Rescue & Welfare
What is CNVR (Capture, Neuter, Vaccinate, Return)?
CNVR humanely sterilises and rabies-vaccinates free-roaming dogs, then returns them — cutting population growth without culling.
In brief
CNVR humanely catches free-roaming dogs, neuters and rabies-vaccinates them, marks them for monitoring, and returns them to their territory. It reduces population growth and rabies risk without culling.
By the WARN Research & Conservation TeamChecked against IUCN Red List & CITES sourcesLast updated
Capture, Neuter, Vaccinate, Return (CNVR) — also called TNVR — is the WHO-endorsed method for managing free-roaming dog populations. Dogs are humanely caught, surgically sterilised, vaccinated against rabies, ear-notched or tagged for monitoring and returned to their home territory. Returning dogs avoids territorial fights and vacuum effects that follow removal-only programmes. Successful CNVR needs repeat sessions, community buy-in and veterinary capacity over years, not one-off campaigns.
70%
Vaccination coverage to break rabies transmission
3–5
Years for measurable population decline
80%+
WARN target for programme delivery from gifts
2
Litters per year possible without sterilisation
Quick facts
| Acronym | CNVR — Capture, Neuter, Vaccinate, Return (same as TNVR) |
|---|---|
| WHO position | Endorses sterilisation and mass vaccination over culling for rabies control |
| Return rationale | Dogs hold territory — prevents influx of unvaccinated newcomers |
| Marking | Ear-notch or tag identifies sterilised animals for census tracking |
| Timeline | Population decline typically visible after 3–5 years of sustained sessions |
| Session costs | Staff, anaesthetic, surgical kits, rabies vaccine, post-op care |
Key takeaways
- CNVR: Capture, Neuter, Vaccinate, Return — WHO-endorsed population management.
- Returning dogs to territory prevents vacuum effects and territorial fights.
- 70% vaccination coverage breaks rabies transmission — culling never achieves this.

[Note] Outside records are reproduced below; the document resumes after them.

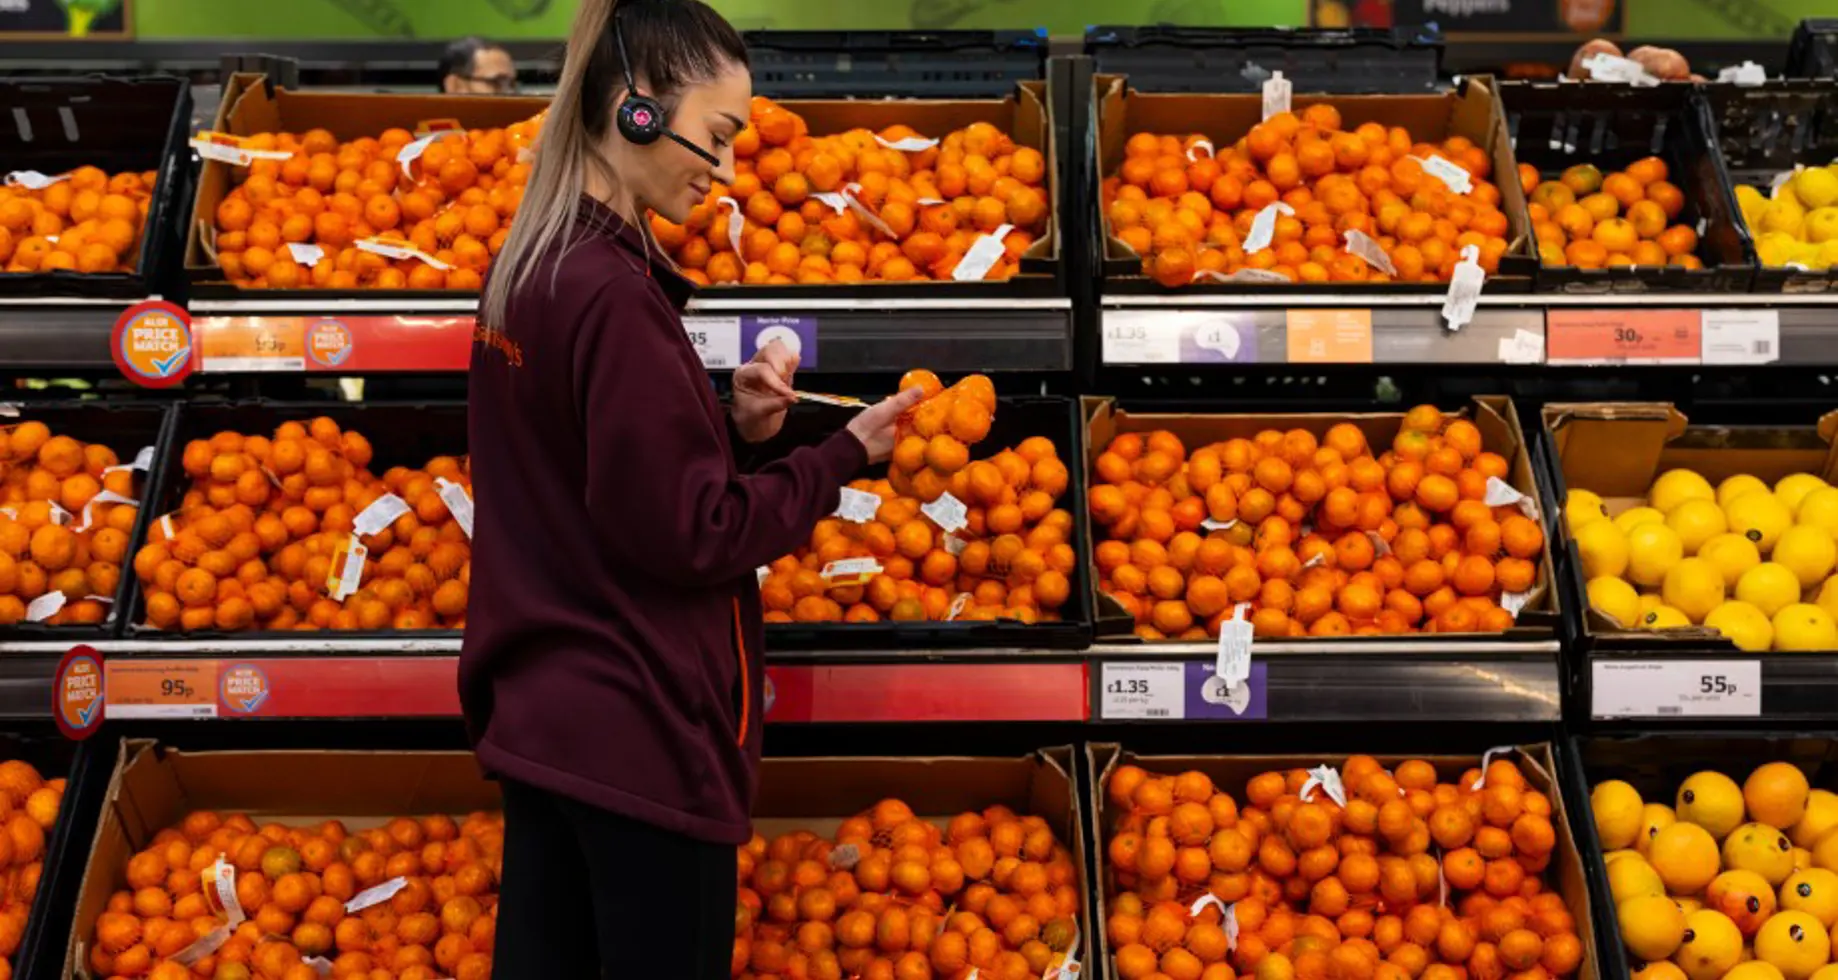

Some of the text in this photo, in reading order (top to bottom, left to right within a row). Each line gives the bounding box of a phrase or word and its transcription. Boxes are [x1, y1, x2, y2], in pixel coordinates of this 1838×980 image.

[132, 327, 178, 340] PRICE
[1614, 327, 1643, 344] 30p
[132, 339, 178, 352] MATCH
[66, 674, 96, 689] PRICE
[161, 678, 195, 699] 95p
[227, 677, 260, 686] PRICE
[1107, 679, 1149, 694] £1.35
[1700, 675, 1737, 696] 55p
[67, 687, 96, 702] MATCH
[227, 685, 260, 694] MATCH
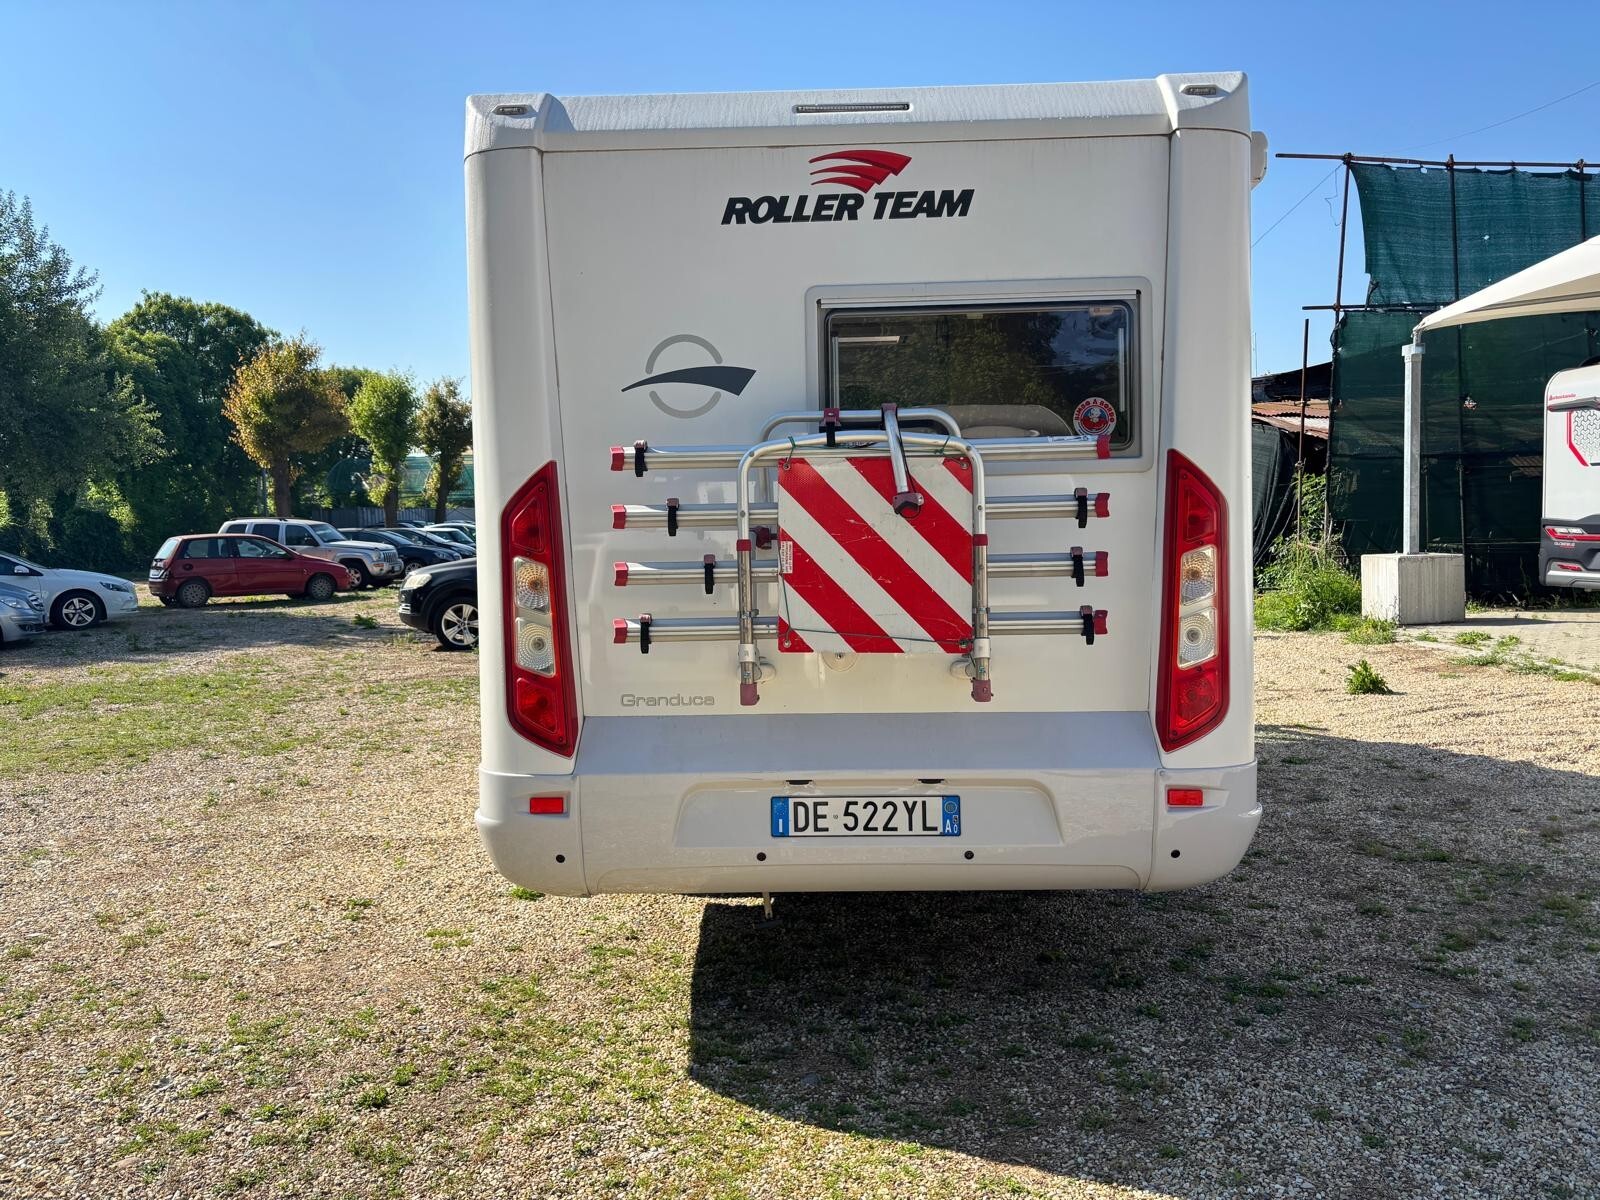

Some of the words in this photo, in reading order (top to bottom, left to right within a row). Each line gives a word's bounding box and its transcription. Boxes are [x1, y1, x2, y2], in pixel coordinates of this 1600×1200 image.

- Population decline typically takes 3–5 years of repeat sessions.
- Donors fund session costs: staff, drugs, surgery, vaccines and monitoring.
- WARN targets 80%+ of unrestricted gifts to programme delivery via partners.
Step by step: how a CNVR session works
Field teams identify free-roaming dogs in a target area — often using community knowledge of feeding sites. Humane traps or nets capture animals without injury. Veterinary staff anaesthetise each dog, perform surgical sterilisation (spay for females, neuter for males), administer rabies vaccine and often a multivalent vaccine, treat wounds if needed and apply an ear-notch or tag for future identification. After recovery, dogs return to the exact territory where they were caught — critical for maintaining pack structure and preventing territorial battles with incoming unsterilised dogs. Data log each animal for population monitoring across repeat sessions.
Why return matters
Removal-only programmes — shelter intake without return, or culling — trigger the vacuum effect. Empty territory attracts new dogs; surviving dogs breed faster with reduced competition. Returned sterilised dogs occupy their range, block newcomers and contribute rabies immunity to the local population. WHO guidance explicitly favours returning vaccinated dogs over removal for rabies control. This counterintuitive element — putting dogs back on the street — is what makes CNVR epidemiologically sound. Animal welfare improves too: sterilised dogs fight less, roam less and live longer.
Evidence from the field
Multi-year CNVR programmes in Jaipur (India), Colombo (Sri Lanka) and other cities published reductions in dog density, human bite incidence and rabies cases. WHO and WOAH cite these as models. Success metrics include percentage of dogs sterilised in a zone (target often above 70%), rabies vaccination coverage and bite-rate trends over time. One-off campaigns fail because new puppies enter the population each season. WARN partners run repeat sessions quarterly or monthly in target wards — Karachi, Southeast Asian cities and East African towns — building coverage incrementally rather than claiming instant results.
What donors fund
A single CNVR session costs staff time, capture equipment, anaesthetic drugs, surgical consumables, rabies vaccine doses and post-operative monitoring space. Mobile surgical units reduce transport stress. Community liaison staff explain the programme to residents who might otherwise resist catching. WARN targets directing at least 80% of unrestricted donations to programme delivery through vetted partners rather than overhead. Donors can target appeals — Karachi street dogs, regional CNVR — where session budgets are published transparently. Funding one session sterilises and vaccinates dozens of dogs; funding a year of sessions transforms a neighbourhood.
What WARN does
WARN funds CNVR through vetted partners in Pakistan, Southeast Asia and East Africa. The Karachi dogs appeal and street-dog guides direct donors to session-level budgets covering capture teams, mobile surgery and rabies vaccination at scale.